Supplied data:
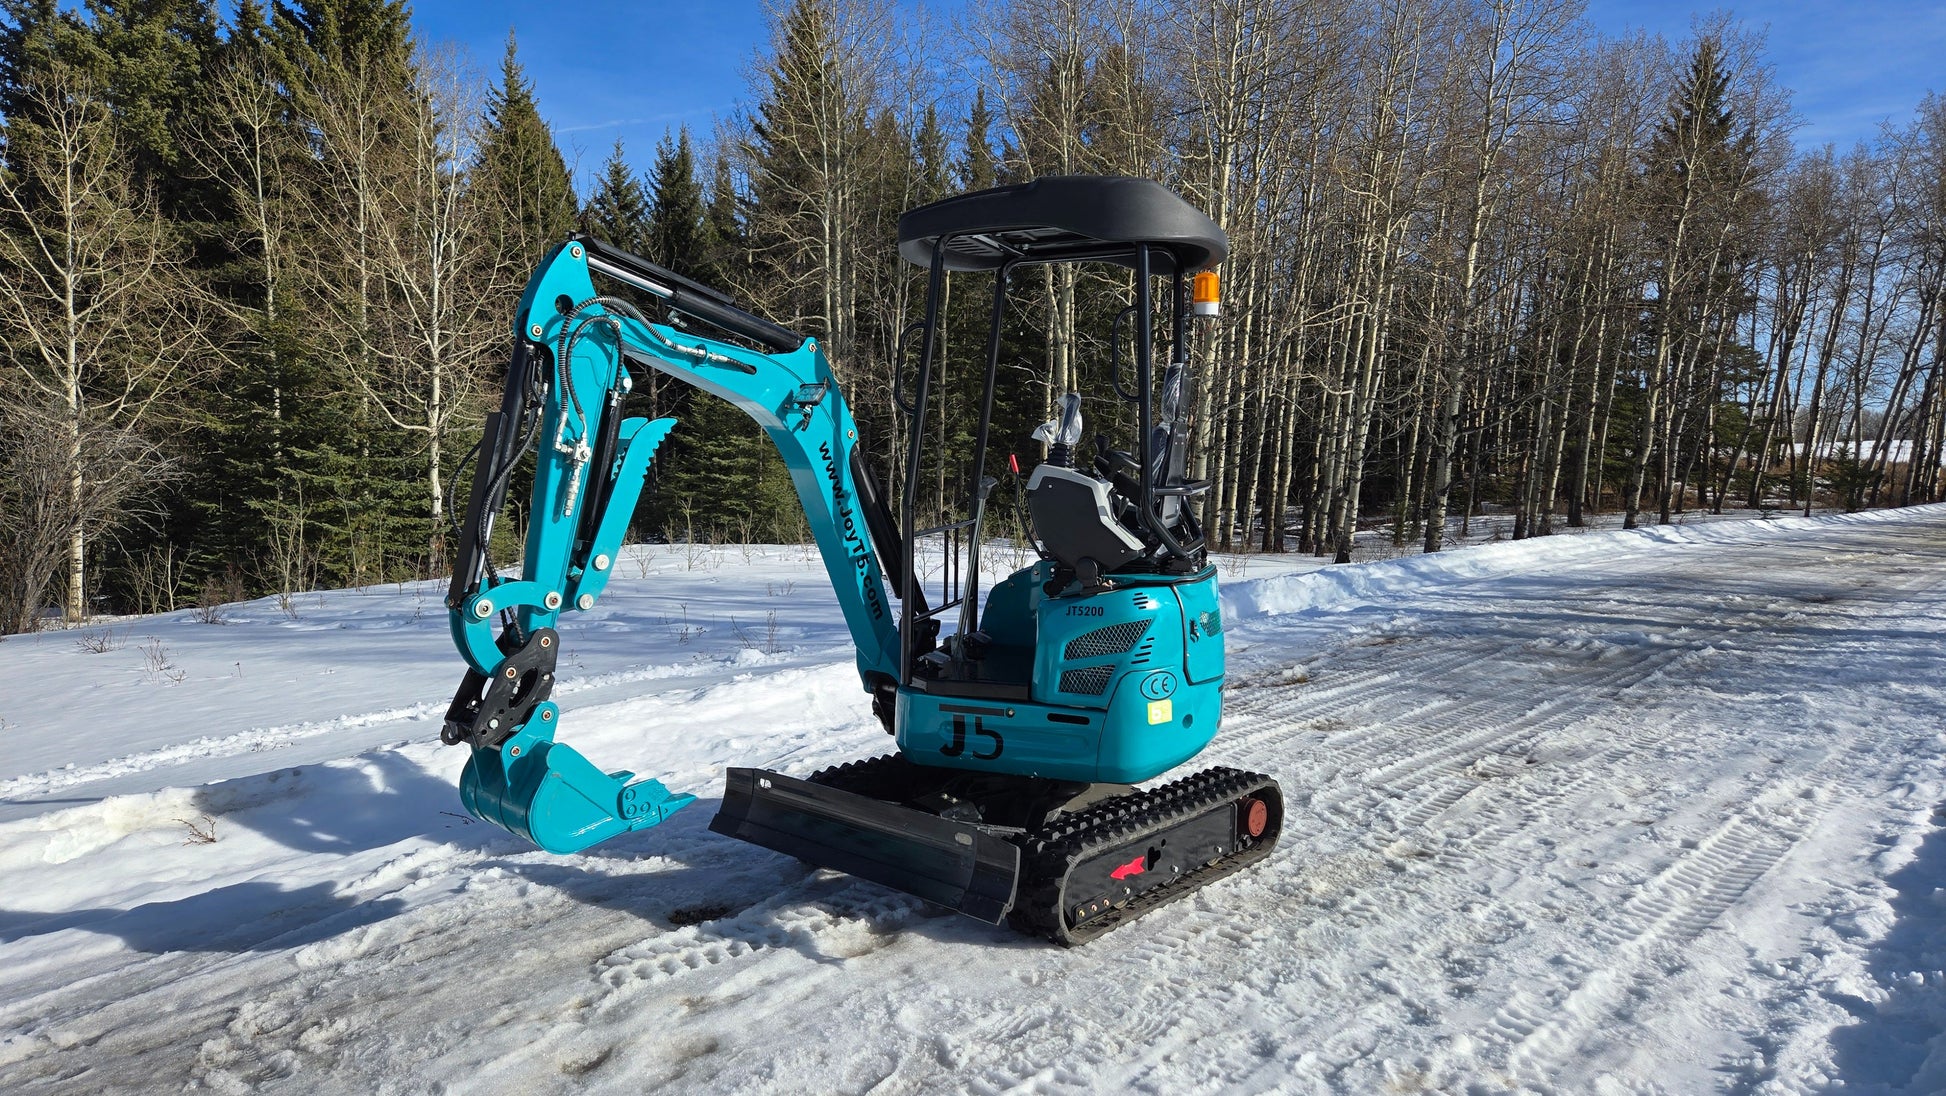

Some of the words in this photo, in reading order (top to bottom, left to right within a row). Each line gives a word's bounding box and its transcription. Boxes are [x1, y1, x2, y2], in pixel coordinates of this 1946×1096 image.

[819, 440, 883, 620] www.JoyT5.com
[1066, 606, 1104, 617] JT5200
[1151, 676, 1169, 695] CE
[939, 703, 1004, 760] J5
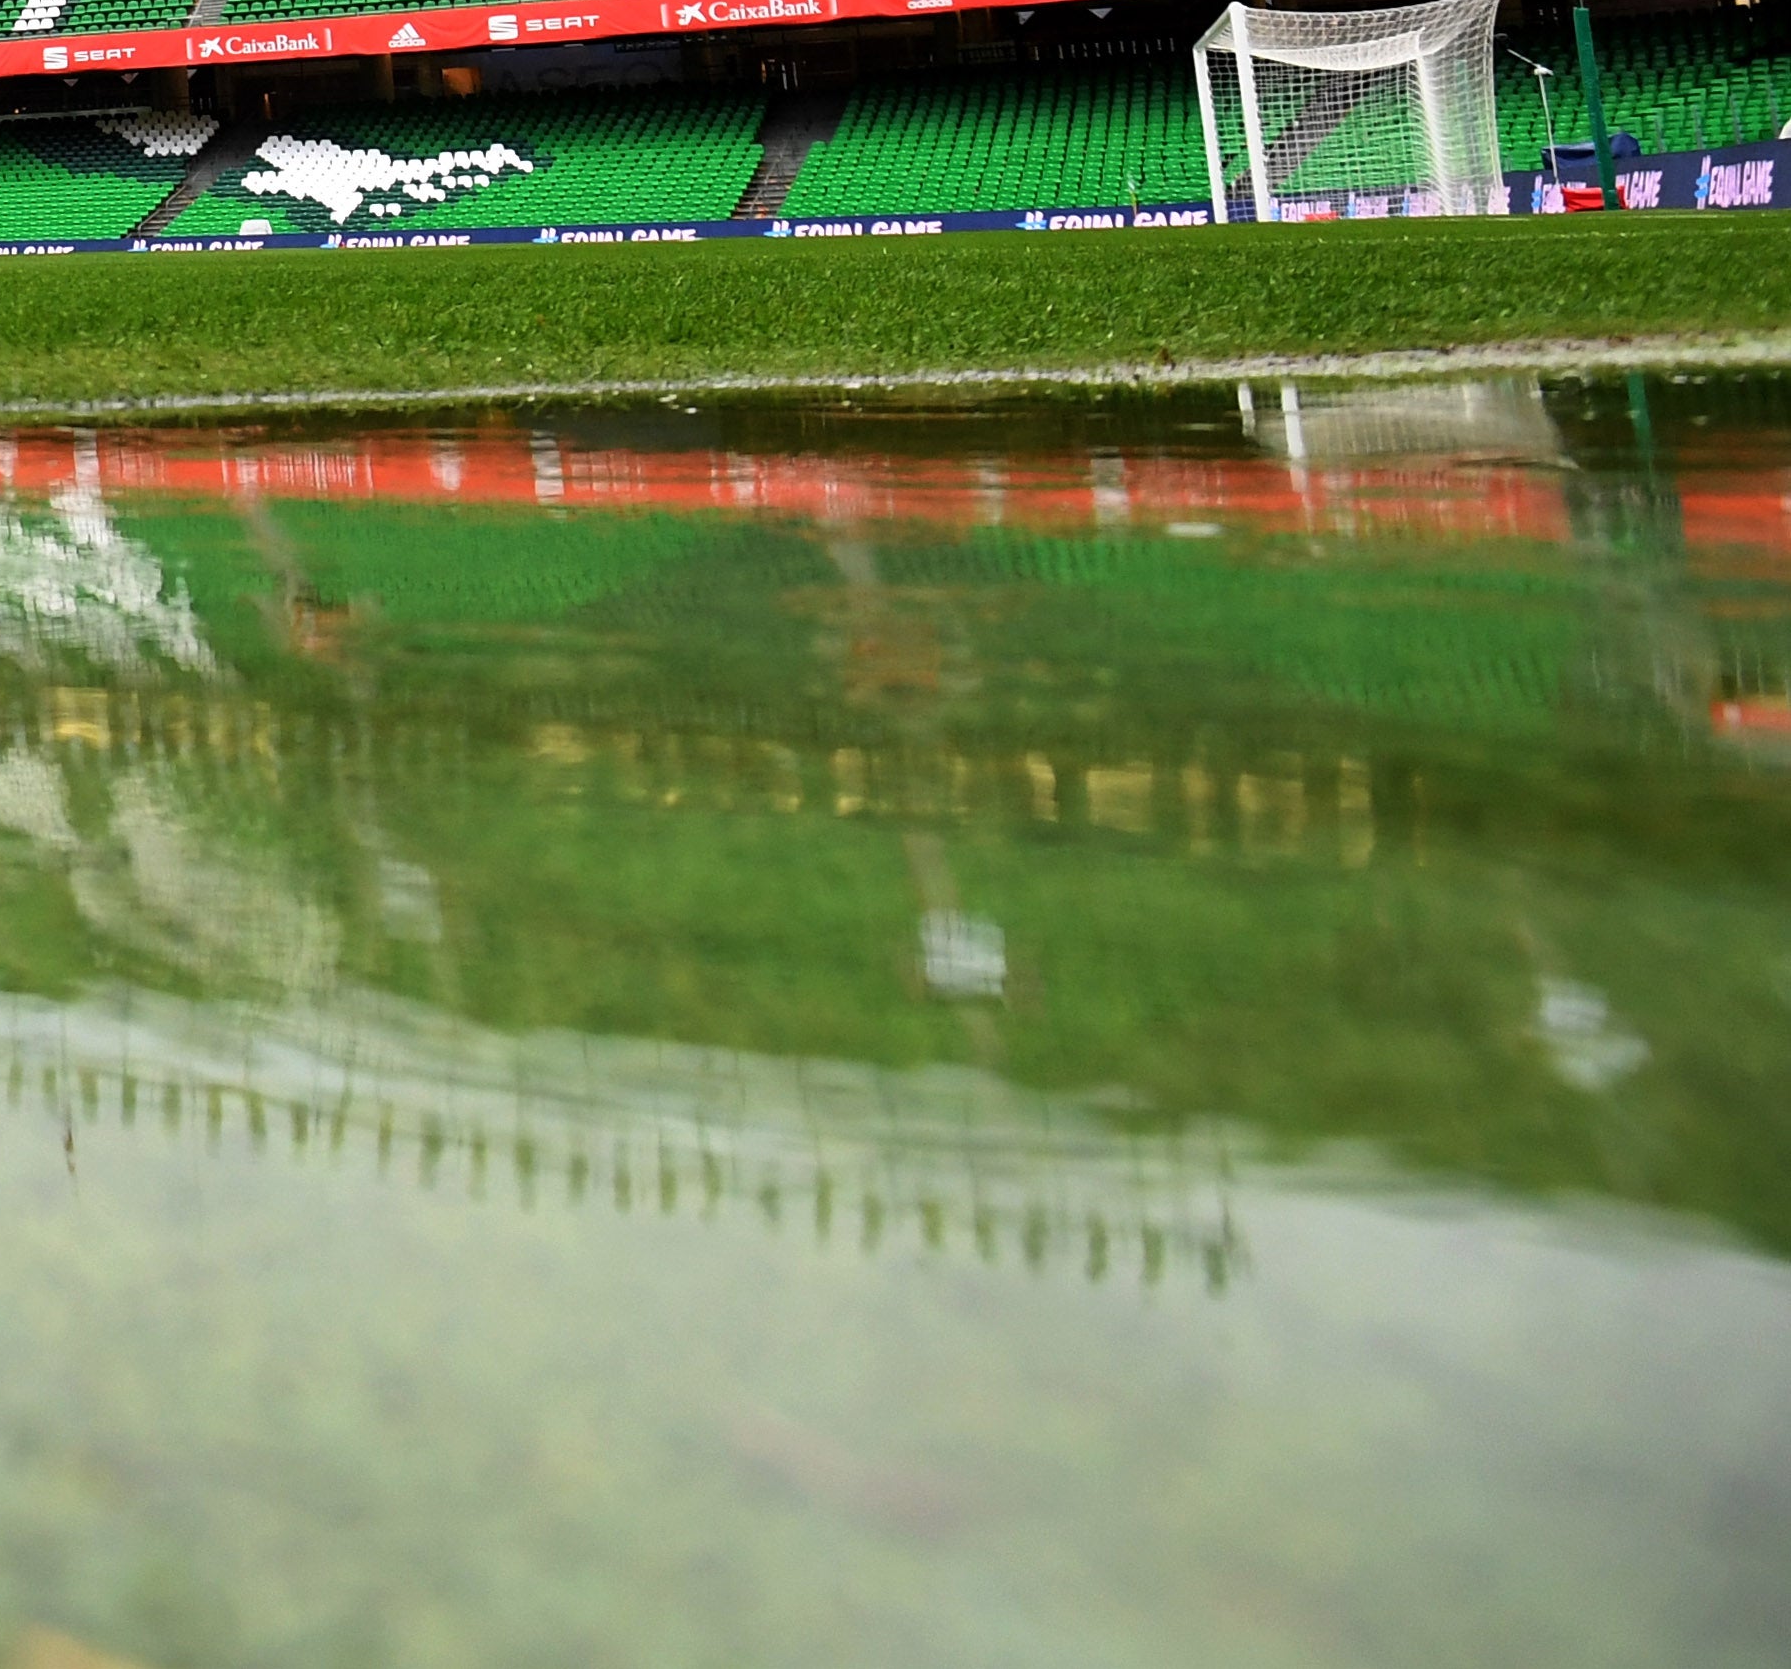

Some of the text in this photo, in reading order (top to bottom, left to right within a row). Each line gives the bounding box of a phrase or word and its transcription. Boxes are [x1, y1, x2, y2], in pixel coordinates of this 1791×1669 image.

[525, 14, 600, 32] SEAT
[225, 32, 320, 55] CaixaBank
[73, 47, 136, 62] SEAT
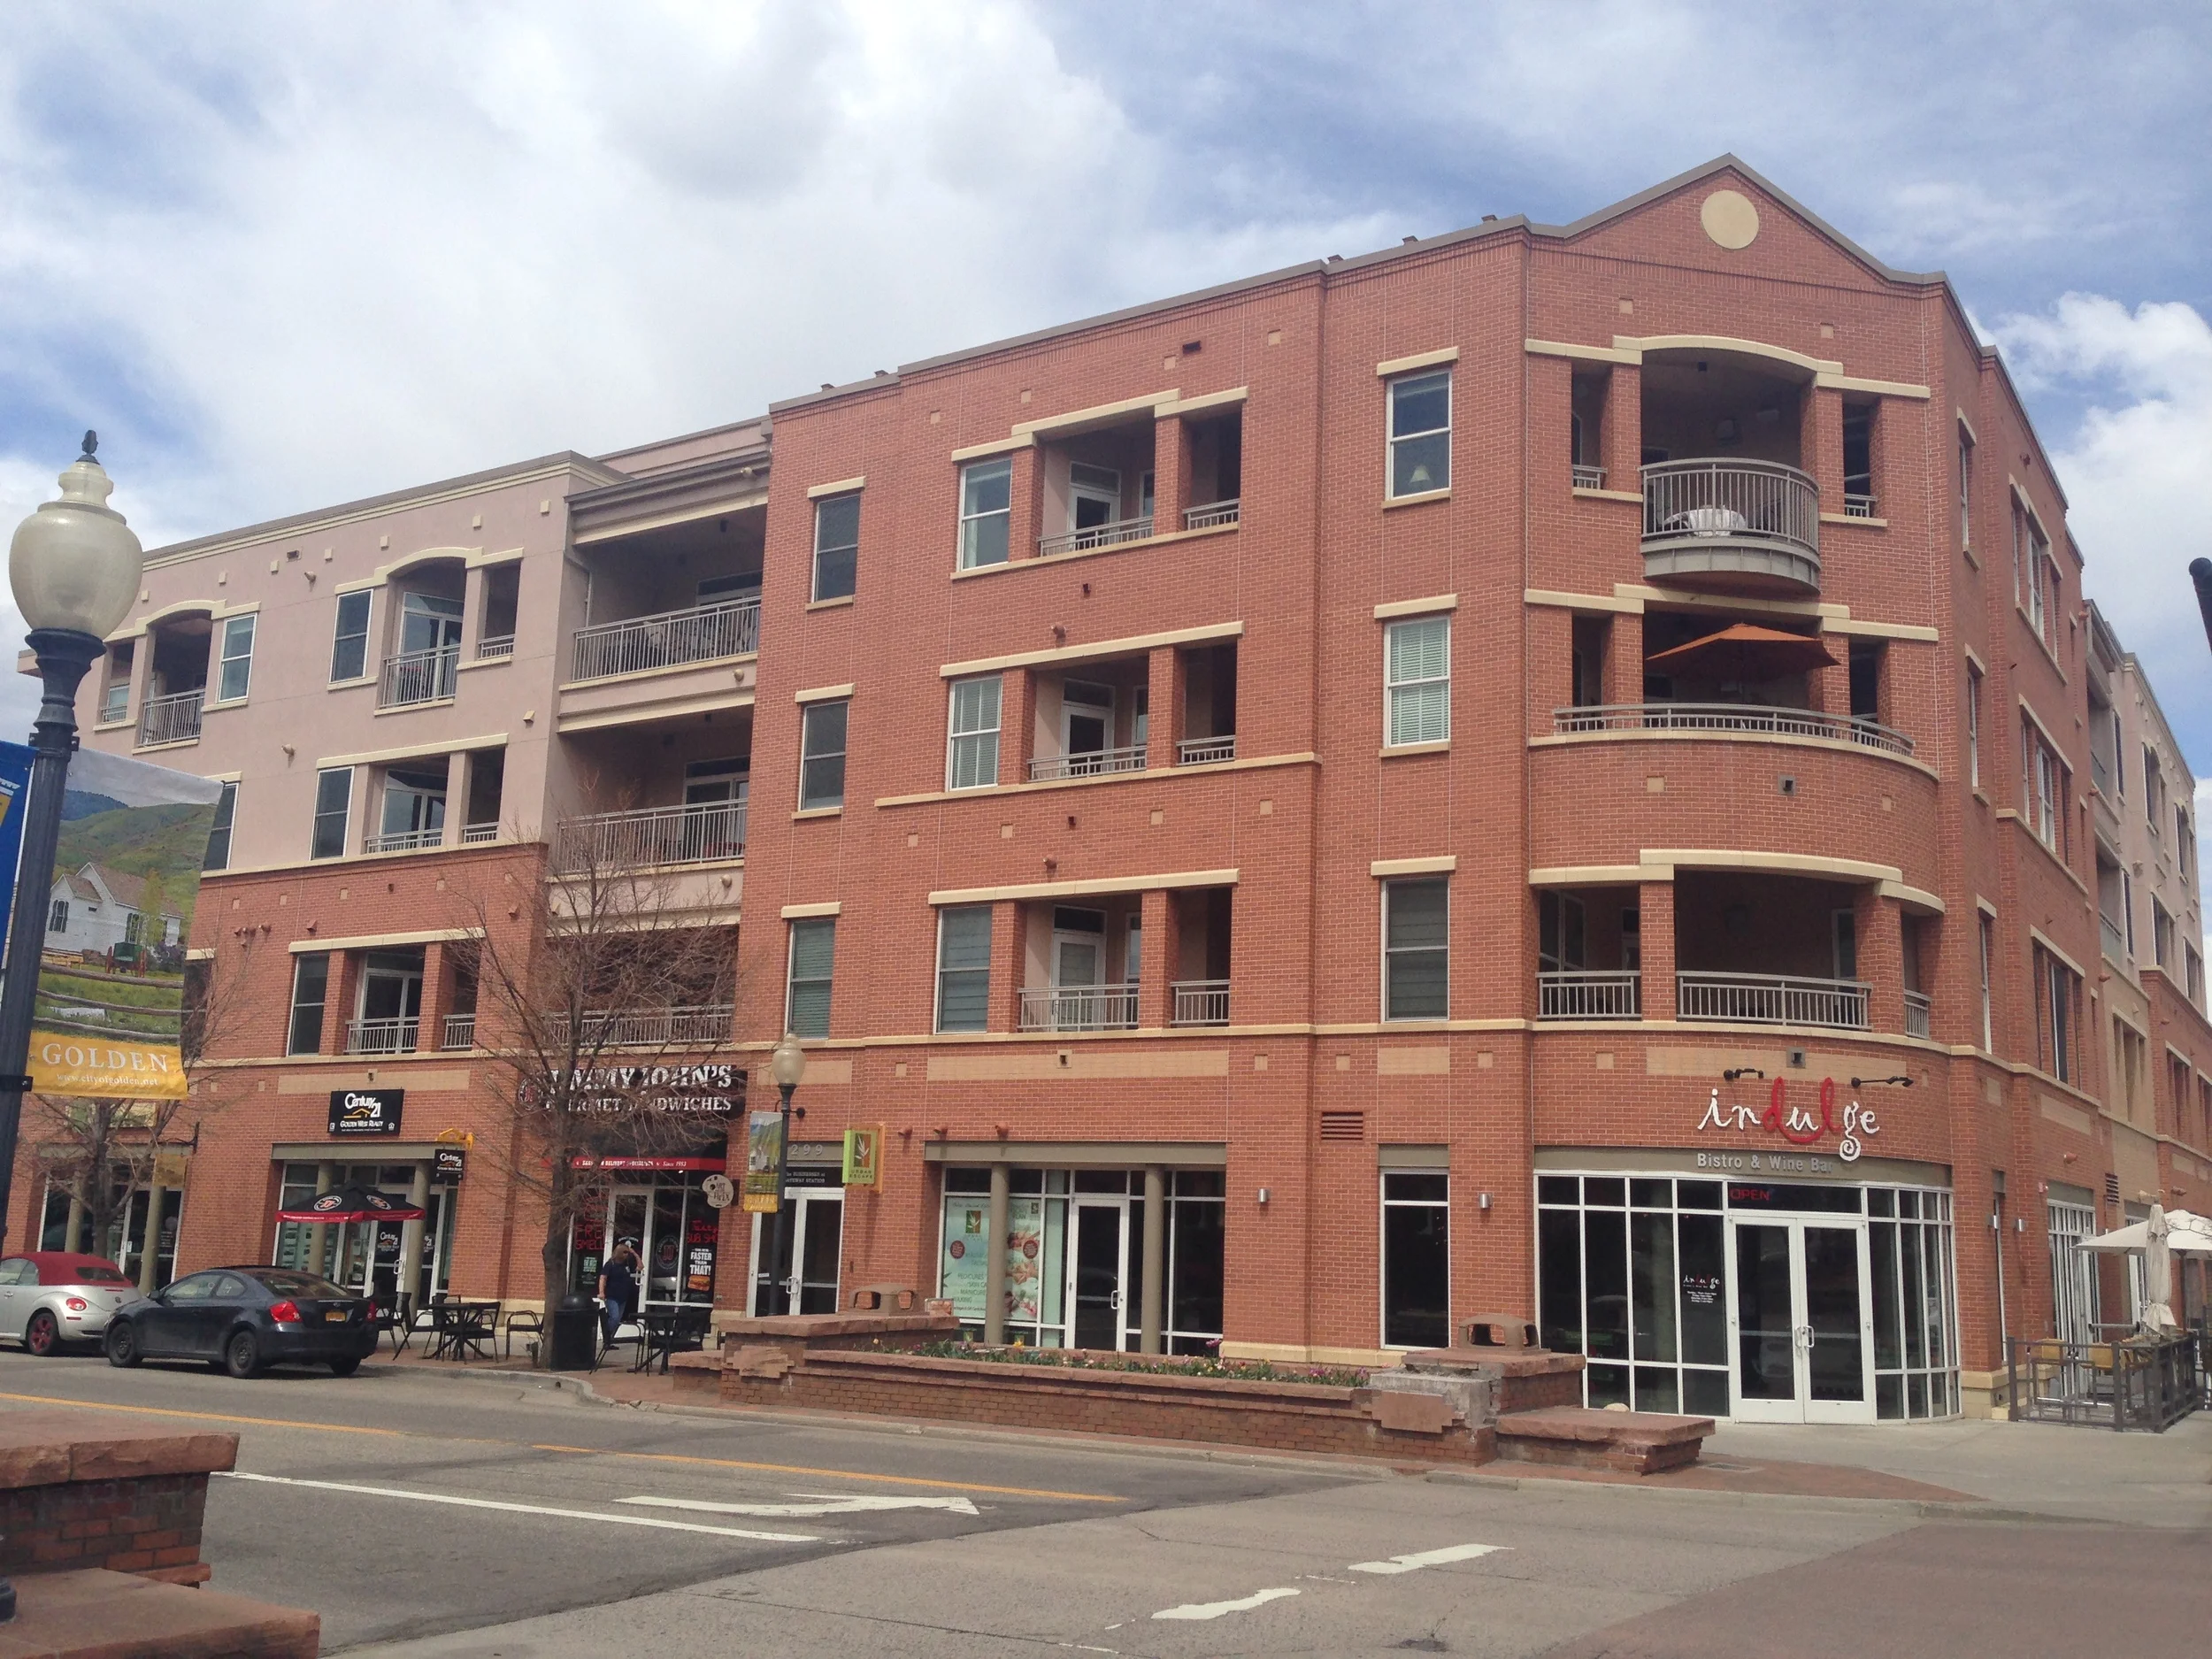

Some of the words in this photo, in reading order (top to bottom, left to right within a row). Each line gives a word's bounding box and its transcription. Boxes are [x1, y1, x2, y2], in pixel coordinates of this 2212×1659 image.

[42, 1043, 168, 1072] GOLDEN
[57, 1073, 159, 1086] www.cityofgolden.net
[344, 1093, 377, 1110] Century
[370, 1102, 381, 1118] 21
[1697, 1076, 1880, 1162] indulge
[790, 1144, 824, 1156] 299
[1697, 1153, 1743, 1168] Bistro
[1751, 1155, 1761, 1169] &
[1770, 1156, 1803, 1171] Wine
[1811, 1159, 1834, 1173] Bar
[1730, 1188, 1770, 1200] OPEN
[690, 1252, 712, 1261] FASTER
[689, 1264, 711, 1275] THAT!

What you have to do: Although the records contain pictures, the output must hold only their exact wording.

Task response:
Some of the words in this photo, in reading order (top to bottom, left to right within a row). Each line gives a word's bounding box and its transcription. Boxes are [x1, y1, x2, y2], in pixel coordinates of this 1946×1096 image.

[819, 440, 883, 620] www.JoyT5.com
[1066, 606, 1104, 617] JT5200
[1151, 676, 1169, 695] CE
[939, 703, 1004, 760] J5

Some of the text in this photo, in reading order (top to bottom, left to right within a row). Each line gives the bounding box of a phrase or word and its transcription. Boxes are [x1, y1, x2, y2], in pixel coordinates of this 1791×1669 image.

[525, 14, 600, 32] SEAT
[225, 32, 320, 55] CaixaBank
[73, 47, 136, 62] SEAT

Some of the words in this photo, in reading order (top to bottom, left to right within a row). Each line gives a word's bounding box and its transcription. Boxes are [x1, y1, x2, y2], in pixel coordinates of this 2212×1659 image.

[42, 1043, 168, 1072] GOLDEN
[57, 1073, 159, 1086] www.cityofgolden.net
[344, 1093, 377, 1110] Century
[370, 1102, 381, 1118] 21
[1697, 1076, 1880, 1162] indulge
[790, 1144, 824, 1156] 299
[1697, 1153, 1743, 1168] Bistro
[1751, 1155, 1761, 1169] &
[1770, 1156, 1803, 1171] Wine
[1811, 1159, 1834, 1173] Bar
[1730, 1188, 1770, 1200] OPEN
[690, 1252, 712, 1261] FASTER
[689, 1264, 711, 1275] THAT!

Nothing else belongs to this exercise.